A second federal mandate – the early 1960s removal of government-sponsored prayer from public schools – also angered many white Christians. Collectively, racial integration and the absence of official school prayers in public school classrooms created lasting resentment and birthed political opportunities. In 1980 Republican presidential candidate Ronald Reagan, seeking votes from an emerging white Christian Nationalist Religious Right, dog-whistled racism and made open verbal overtures to restoring government-sponsored public school prayer.

Although Reagan did set about undermining civil rights advances while in office, he failed to pursue the restoration of public school prayers. Sensing an opening nonetheless, Christian Nationalists began systematically building grassroots infrastructure to restore white Christian dominance in America. When inclusive-minded Democrat Bill Clinton won the White House in 1992, a new generation of anti-public education activists were ready. “The liberals just now beginning to feel snug again in Washington should beware,” conservative writers Bill Kristol and Jay Lefkowitz warned shortly after Clinton took office. “A new revolt by parents is brewing in the country against the cultural elite and the liberal bureaucratic state.” Demanding “parental rights,” the “parents revolt” represented a renewed movement for “parental choice and control over their children’s education.”

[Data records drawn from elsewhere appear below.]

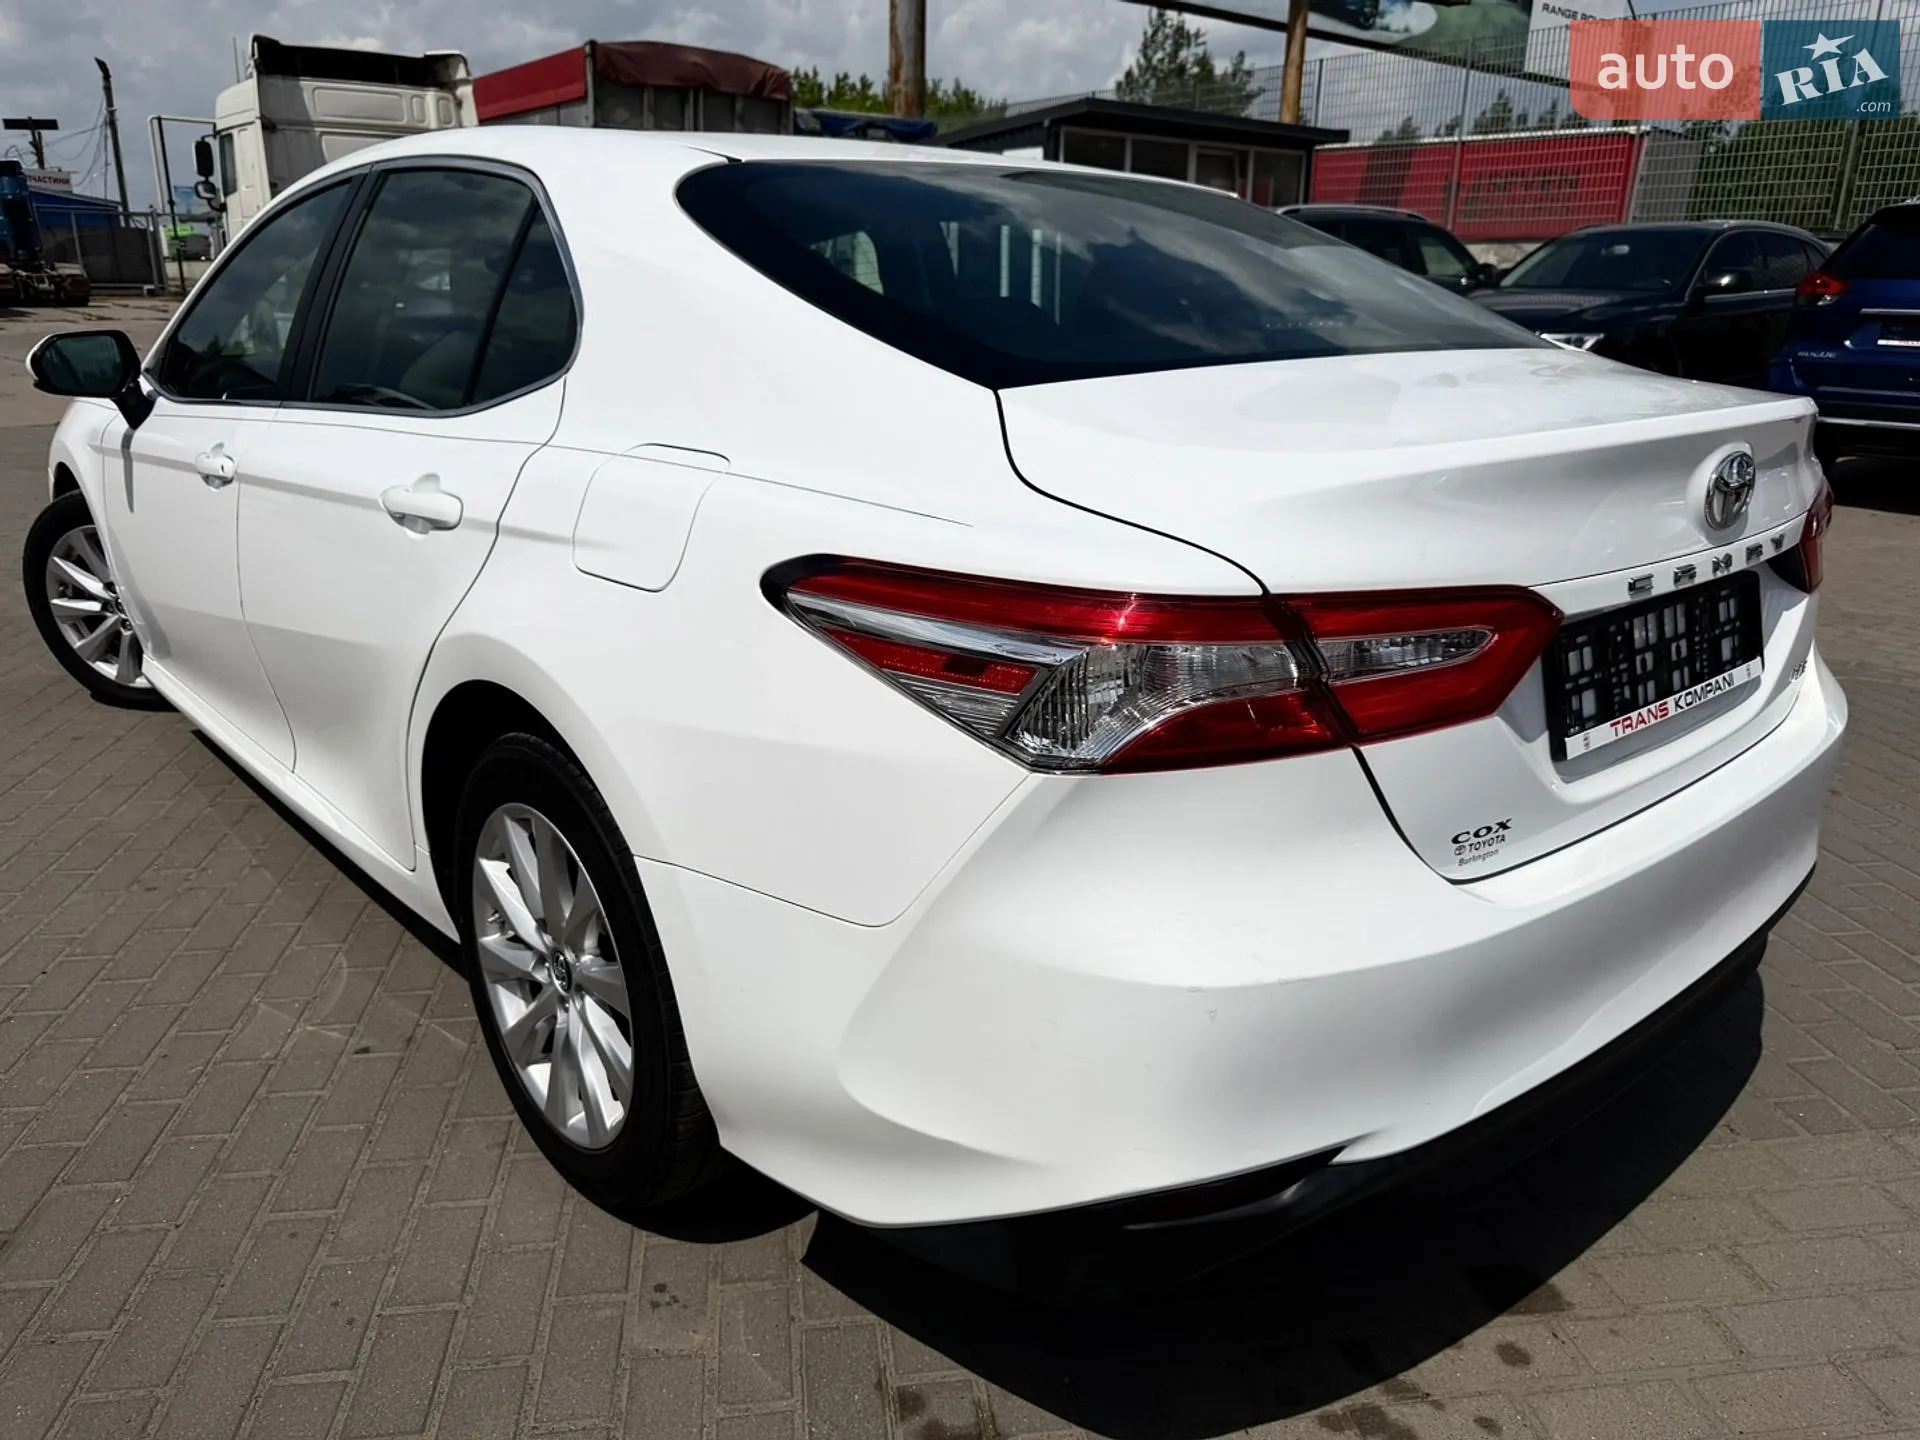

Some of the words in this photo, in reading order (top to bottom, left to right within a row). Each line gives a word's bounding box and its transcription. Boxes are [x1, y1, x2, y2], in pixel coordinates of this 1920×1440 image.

[1541, 3, 1579, 20] RANGE
[1627, 533, 1786, 595] CAMRY
[1609, 700, 1671, 738] TRANS
[1673, 672, 1736, 713] KOMPANI
[1450, 817, 1513, 845] COX
[1468, 834, 1506, 853] TOYOTA
[1457, 848, 1499, 867] Burlington
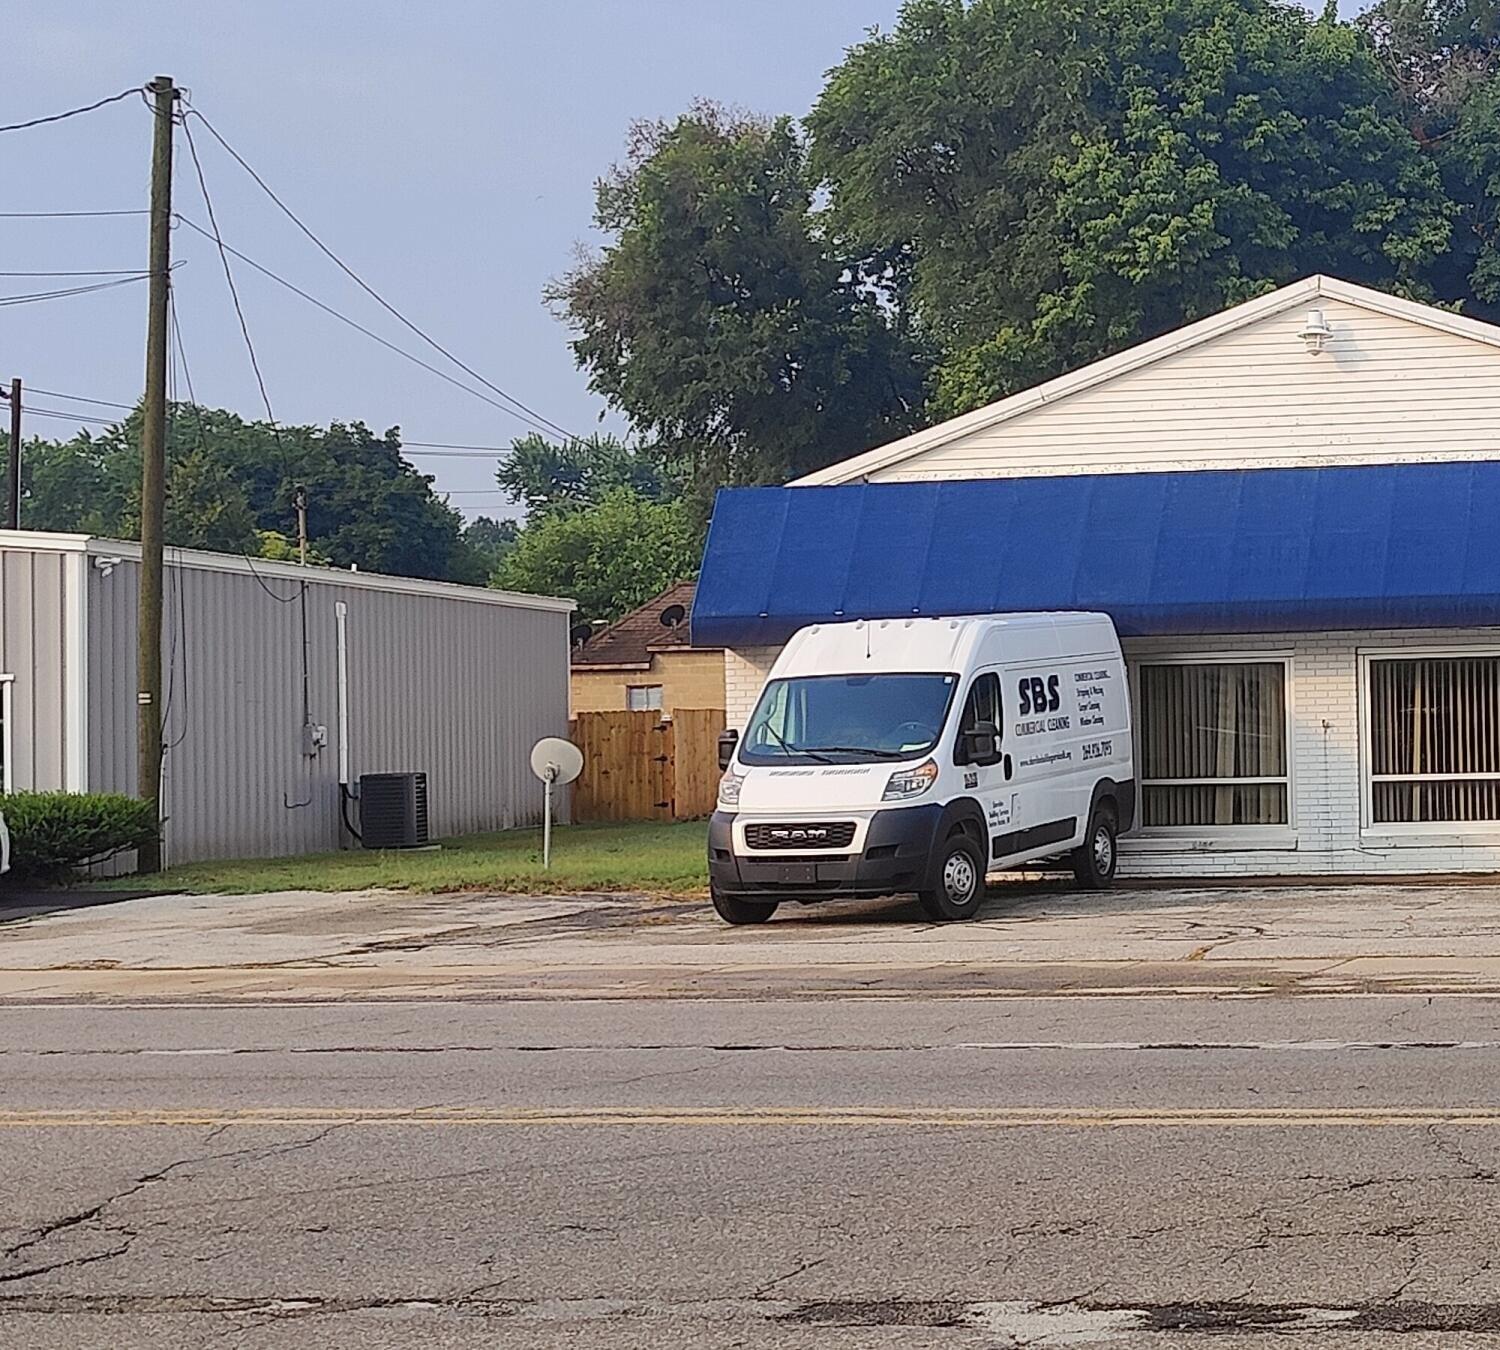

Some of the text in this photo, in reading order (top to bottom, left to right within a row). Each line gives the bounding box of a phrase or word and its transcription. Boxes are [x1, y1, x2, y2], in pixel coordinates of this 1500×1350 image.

[1018, 674, 1060, 717] SBS
[1015, 716, 1070, 737] COMMERCIAL CLEANING
[771, 829, 827, 839] RAM
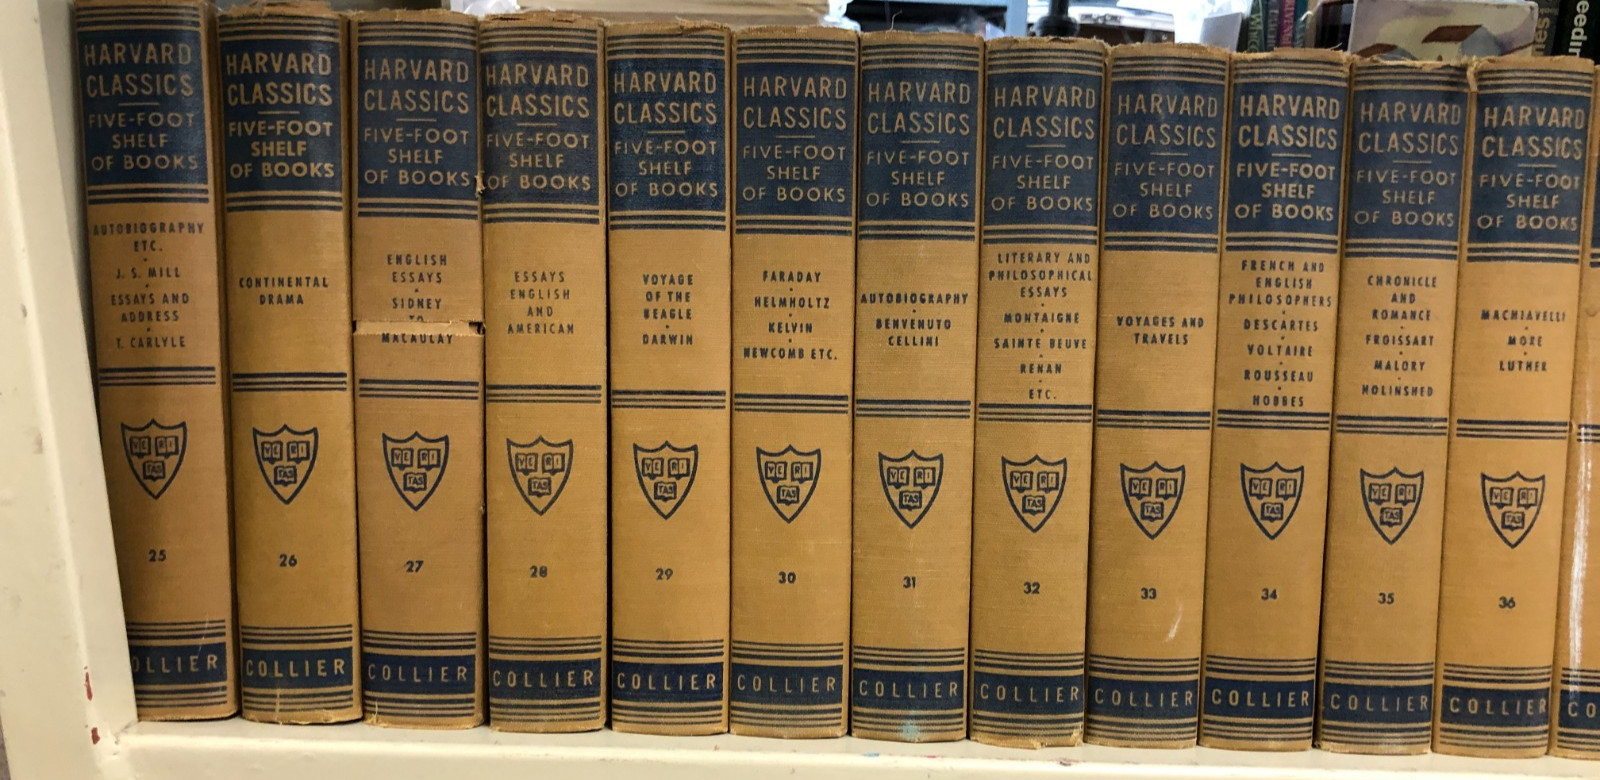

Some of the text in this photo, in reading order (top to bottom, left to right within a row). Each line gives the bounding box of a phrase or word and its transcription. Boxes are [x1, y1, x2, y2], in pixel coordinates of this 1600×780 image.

[85, 43, 192, 66] HARVARD
[227, 53, 331, 75] HARVARD
[366, 59, 468, 82] HARVARD
[487, 64, 588, 87] HARVARD
[615, 71, 716, 93] HARVARD
[87, 74, 194, 98] CLASSICS
[744, 76, 846, 98] HARVARD
[869, 81, 970, 104] HARVARD
[227, 82, 333, 106] CLASSICS
[365, 89, 469, 114] CLASSICS
[995, 86, 1095, 109] HARVARD
[487, 96, 589, 118] CLASSICS
[615, 102, 716, 125] CLASSICS
[1119, 94, 1217, 119] HARVARD
[1241, 94, 1339, 119] HARVARD
[1361, 101, 1460, 125] HARVARD
[744, 107, 846, 130] CLASSICS
[868, 112, 969, 135] CLASSICS
[1485, 107, 1584, 129] HARVARD
[994, 115, 1094, 140] CLASSICS
[365, 128, 469, 144] FIVE-FOOT
[1117, 124, 1216, 148] CLASSICS
[1239, 124, 1337, 150] CLASSICS
[252, 141, 306, 156] SHELF
[615, 140, 716, 155] FIVE-FOOT
[1359, 132, 1458, 156] CLASSICS
[1483, 136, 1582, 160] CLASSICS
[92, 154, 199, 171] OF BOOKS
[867, 150, 969, 165] FIVE-FOOT
[230, 162, 334, 178] OF BOOKS
[1357, 170, 1456, 185] FIVE-FOOT
[364, 170, 469, 186] OF BOOKS
[488, 175, 590, 191] OF BOOKS
[1018, 175, 1070, 189] SHELF
[616, 182, 717, 197] OF BOOKS
[743, 186, 845, 202] OF BOOKS
[1263, 183, 1314, 199] SHELF
[867, 192, 968, 207] OF BOOKS
[992, 196, 1092, 212] OF BOOKS
[1507, 194, 1558, 209] SHELF
[1113, 204, 1212, 220] OF BOOKS
[1235, 204, 1333, 221] OF BOOKS
[1354, 211, 1453, 227] OF BOOKS
[91, 222, 206, 237] AUTOBIOGRAPHY
[1477, 215, 1577, 231] OF BOOKS
[133, 240, 162, 252] ETC.
[386, 253, 447, 266] ENGLISH
[997, 251, 1090, 265] LITERARY AND
[147, 266, 182, 279] MILL
[1241, 259, 1325, 273] FRENCH AND
[238, 275, 329, 290] CONTINENTAL
[391, 271, 442, 284] ESSAYS
[513, 270, 565, 283] ESSAYS
[642, 273, 694, 286] VOYAGE
[762, 269, 821, 283] FARADAY
[988, 269, 1092, 282] PHILOSOPHICAL
[1255, 276, 1312, 290] ENGLISH
[1367, 274, 1437, 288] CHRONICLE
[110, 292, 190, 307] ESSAYS AND
[258, 293, 304, 306] DRAMA
[509, 288, 570, 300] ENGLISH
[646, 290, 691, 303] OF THE
[860, 292, 969, 305] AUTOBIOGRAPHY
[1019, 285, 1067, 299] ESSAYS
[1390, 292, 1416, 305] AND
[391, 297, 442, 310] SIDNEY
[754, 296, 830, 309] HELMHOLTZ
[1228, 292, 1331, 308] PHILOSOPHERS
[120, 309, 179, 324] ADDRESS
[527, 305, 554, 318] AND
[643, 308, 692, 320] BEAGLE
[1003, 311, 1080, 324] MONTAIGNE
[1371, 308, 1431, 321] ROMANCE
[1480, 308, 1566, 323] MACHIAVELLI
[507, 322, 574, 335] AMERICAN
[768, 321, 813, 334] KELVIN
[875, 317, 951, 330] BENVENUTO
[1116, 315, 1204, 329] VOYAGES AND
[1243, 317, 1318, 332] DESCARTES
[129, 334, 187, 350] CARLYLE
[381, 333, 452, 344] MACAULAY
[642, 333, 693, 346] DARWIN
[887, 335, 939, 347] CELLINI
[993, 337, 1087, 350] SAINTE BEUVE
[1133, 332, 1188, 346] TRAVELS
[1365, 333, 1434, 346] FROISSART
[1507, 335, 1543, 347] MORE
[743, 346, 837, 360] NEWCOMB ETC.
[1246, 343, 1313, 357] VOLTAIRE
[1019, 363, 1062, 374] RENAN
[1373, 359, 1425, 372] MALORY
[1499, 359, 1547, 372] LUTHER
[1243, 368, 1313, 383] ROUSSEAU
[1029, 389, 1056, 399] ETC.
[1361, 384, 1434, 397] HOLINSHED
[1252, 394, 1304, 408] HOBBES
[149, 549, 166, 562] 25
[280, 554, 297, 567] 26
[406, 560, 423, 572] 27
[530, 566, 547, 578] 28
[656, 568, 673, 580] 29
[779, 572, 796, 584] 30
[903, 576, 915, 588] 31
[1024, 582, 1040, 594] 32
[1141, 588, 1156, 599] 33
[1261, 588, 1277, 600] 34
[1378, 593, 1394, 604] 35
[1499, 597, 1515, 609] 36
[132, 655, 218, 673] OLLIER
[247, 659, 344, 677] COLLIER
[369, 664, 467, 682] COLLIER
[493, 670, 593, 687] COLLIER
[618, 673, 715, 690] COLLIER
[738, 675, 835, 693] COLLIER
[860, 680, 957, 698] COLLIER
[981, 684, 1079, 702] COLLIER
[1095, 689, 1193, 707] COLLIER
[1212, 689, 1309, 707] COLLIER
[1331, 694, 1428, 711] COLLIER
[1450, 697, 1546, 715] COLLIER

Although restoring segregation was not possible, the renewed parental rights movement channeled racial anxiety and anger into protesting emerging “gay rights” curriculum. A Louisiana court ruling that “teaching sexual abstinence in a public high school violates the U.S. Constitution’s separation of church and state” also riled many white conservatives, who criticized public education for “usurping the role of parents.” Kristol and Lefkowitz deemed the movement an expanding “populist rebellion” against a liberal federal government.